Finding the Optimal Compound For Low-Cost Plastic Photovoltaic Cells


The dream of a solar-powered world recently took a major step forward. On 24 June, in a joint announcement with the US White House and IBM, the Harvard Clean Energy Project released a database of 2.3 million organic compounds - 35,000 of which have promising properties for high-performance semiconductors - that solar-power developers could use to make affordable photovoltaic cells (PVCs). In the spirit of open science, the project provides the Harvard Clean Energy Project Database (CEPDB ) free of charge to the public and researchers.

Affordability is crucial to the success of solar power. The sun has always been up to the task of powering our planet, with enough sunlight reaching Earth every hour to supply our energy needs for an entire year. However, humans have yet to find a way to convert light into energy sufficiently cheaply and efficiently. Today's commercially available solar cells are typically made of inorganic semiconductor materials, such as silicon, and require a lot of energy and capital to produce.

The Clean Energy Project's announcement is a potential game changer.

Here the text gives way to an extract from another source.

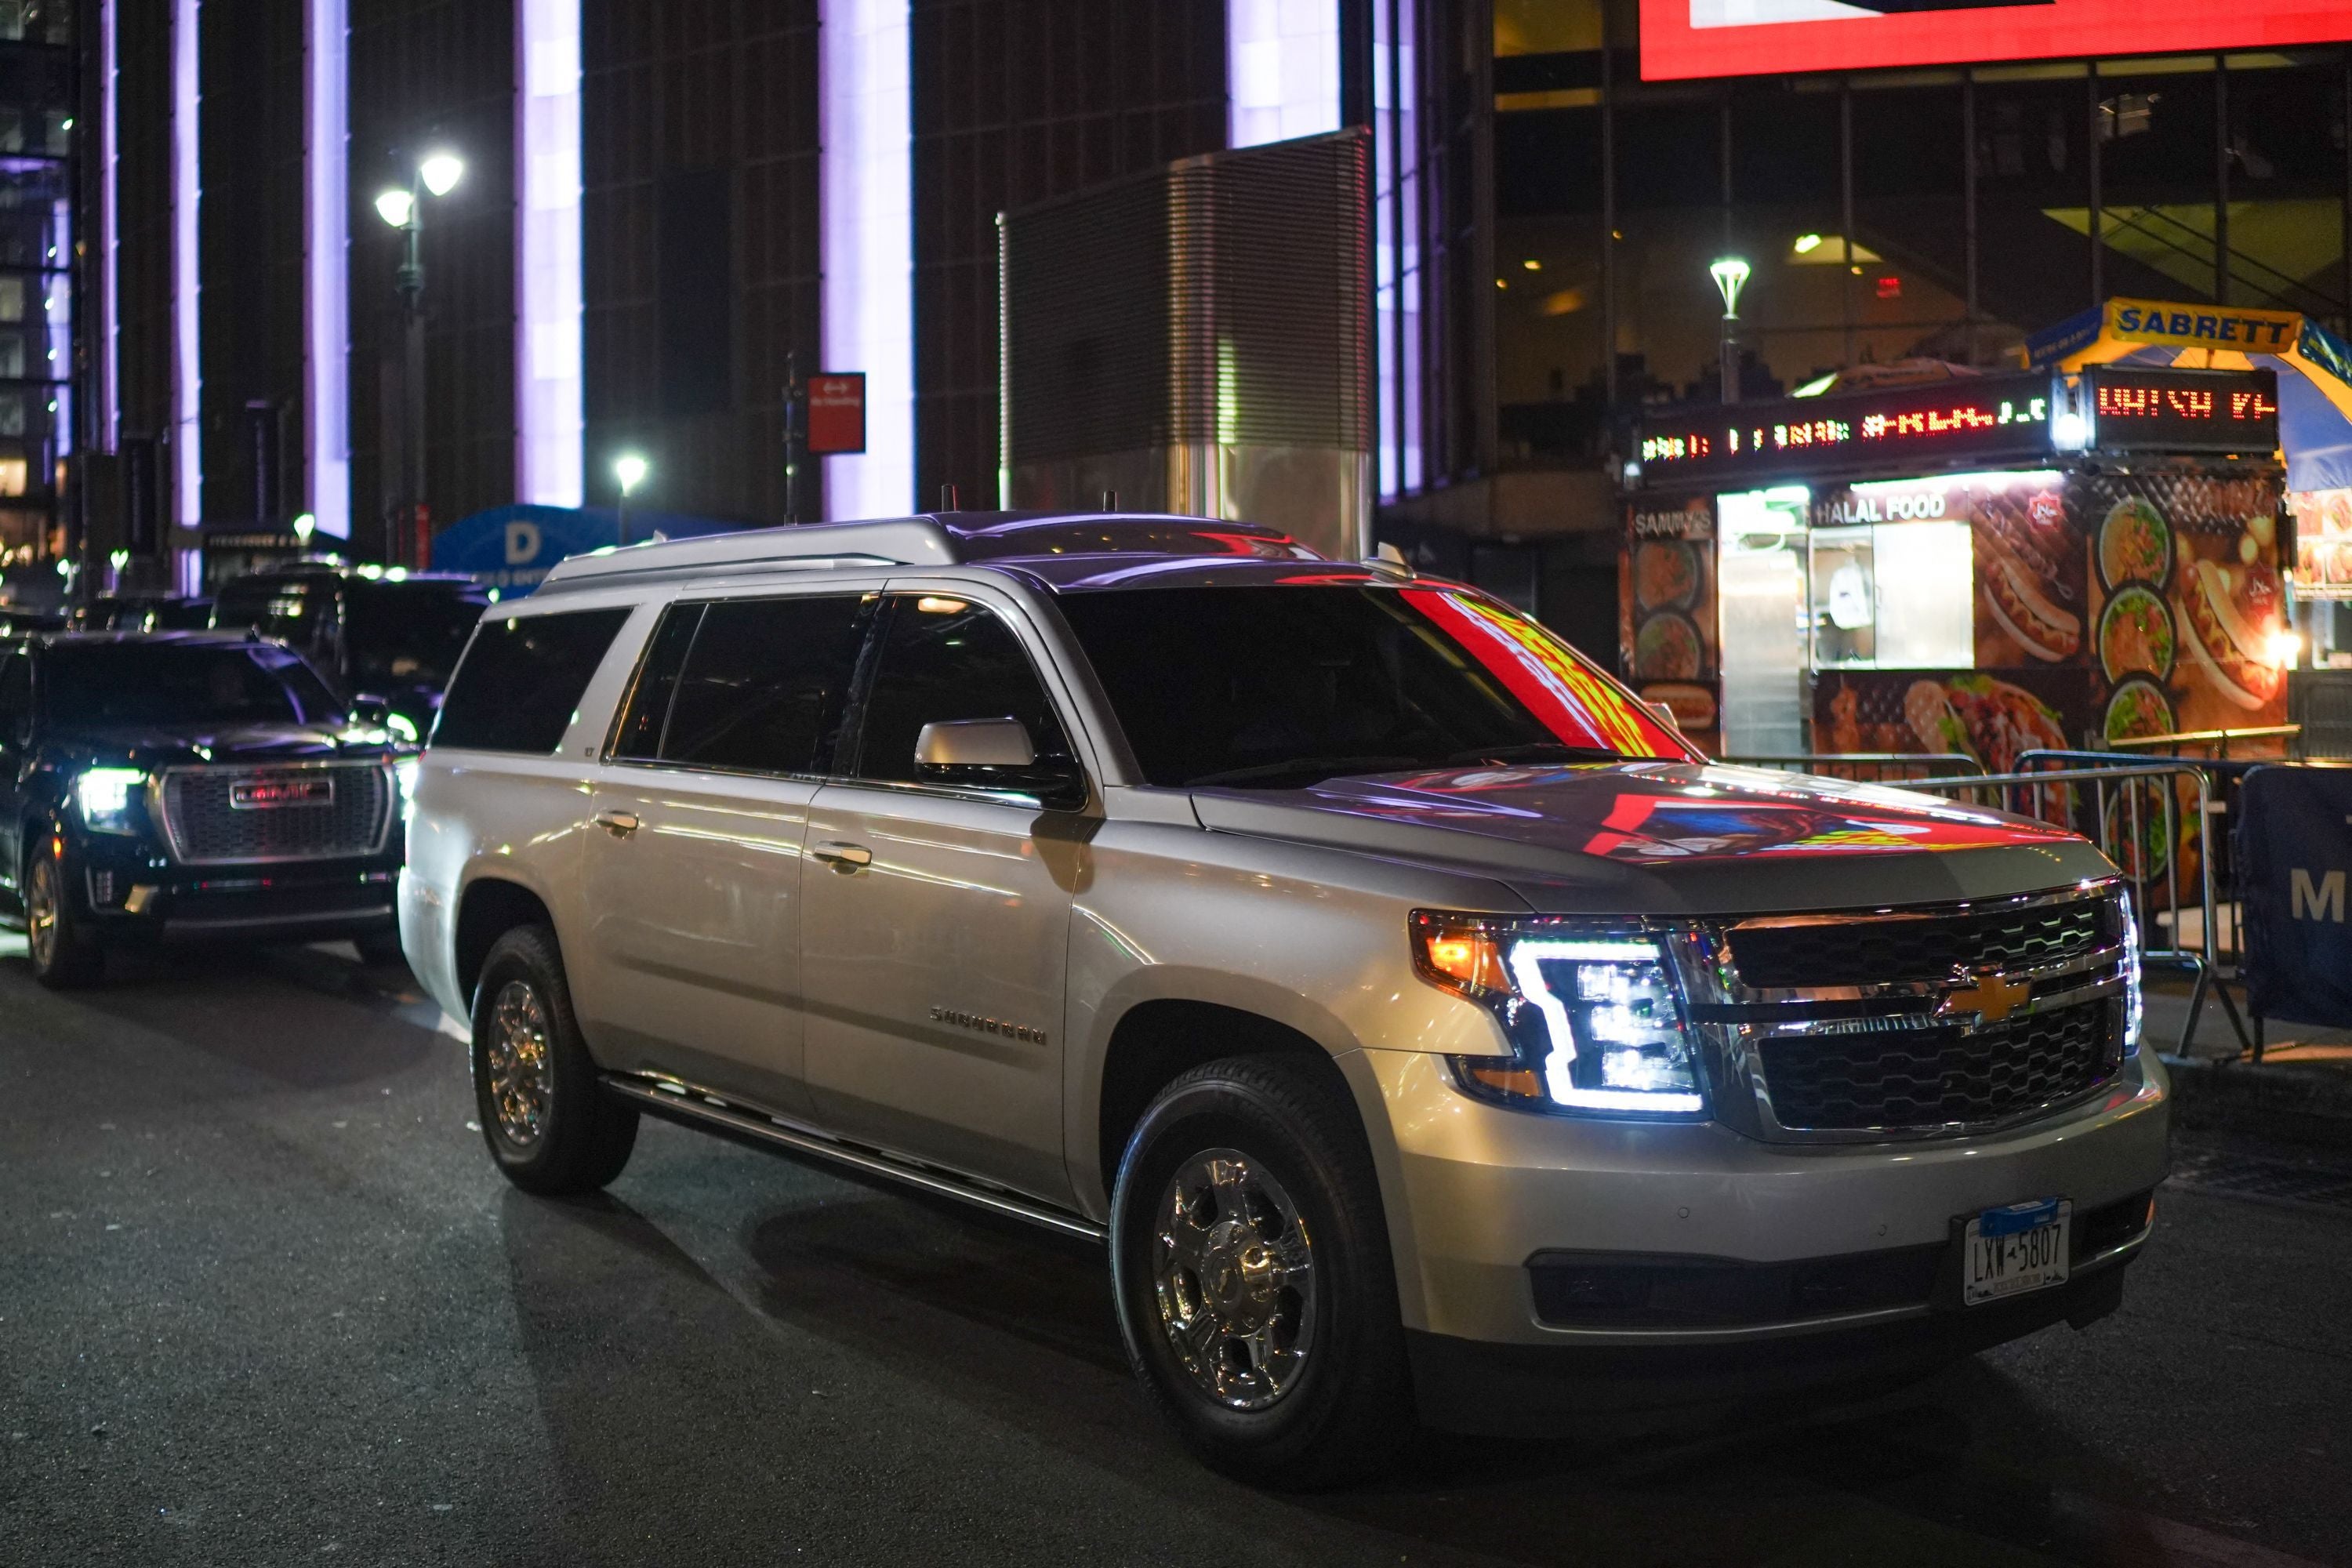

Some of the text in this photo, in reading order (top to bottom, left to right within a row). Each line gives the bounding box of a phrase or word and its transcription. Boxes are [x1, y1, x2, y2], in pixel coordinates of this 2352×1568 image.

Led by Harvard quantum chemist Alán Aspuru-Guzik, the project seeks to develop candidate molecules for high-performance solar cells made of plastic. These materials can be made in the form of sheets, films, and coatings - imagine powering your home with PVCs painted on the roof. But how do scientists determine which molecules - out of millions of possible combinations - will most efficiently absorb light and convert it into electricity?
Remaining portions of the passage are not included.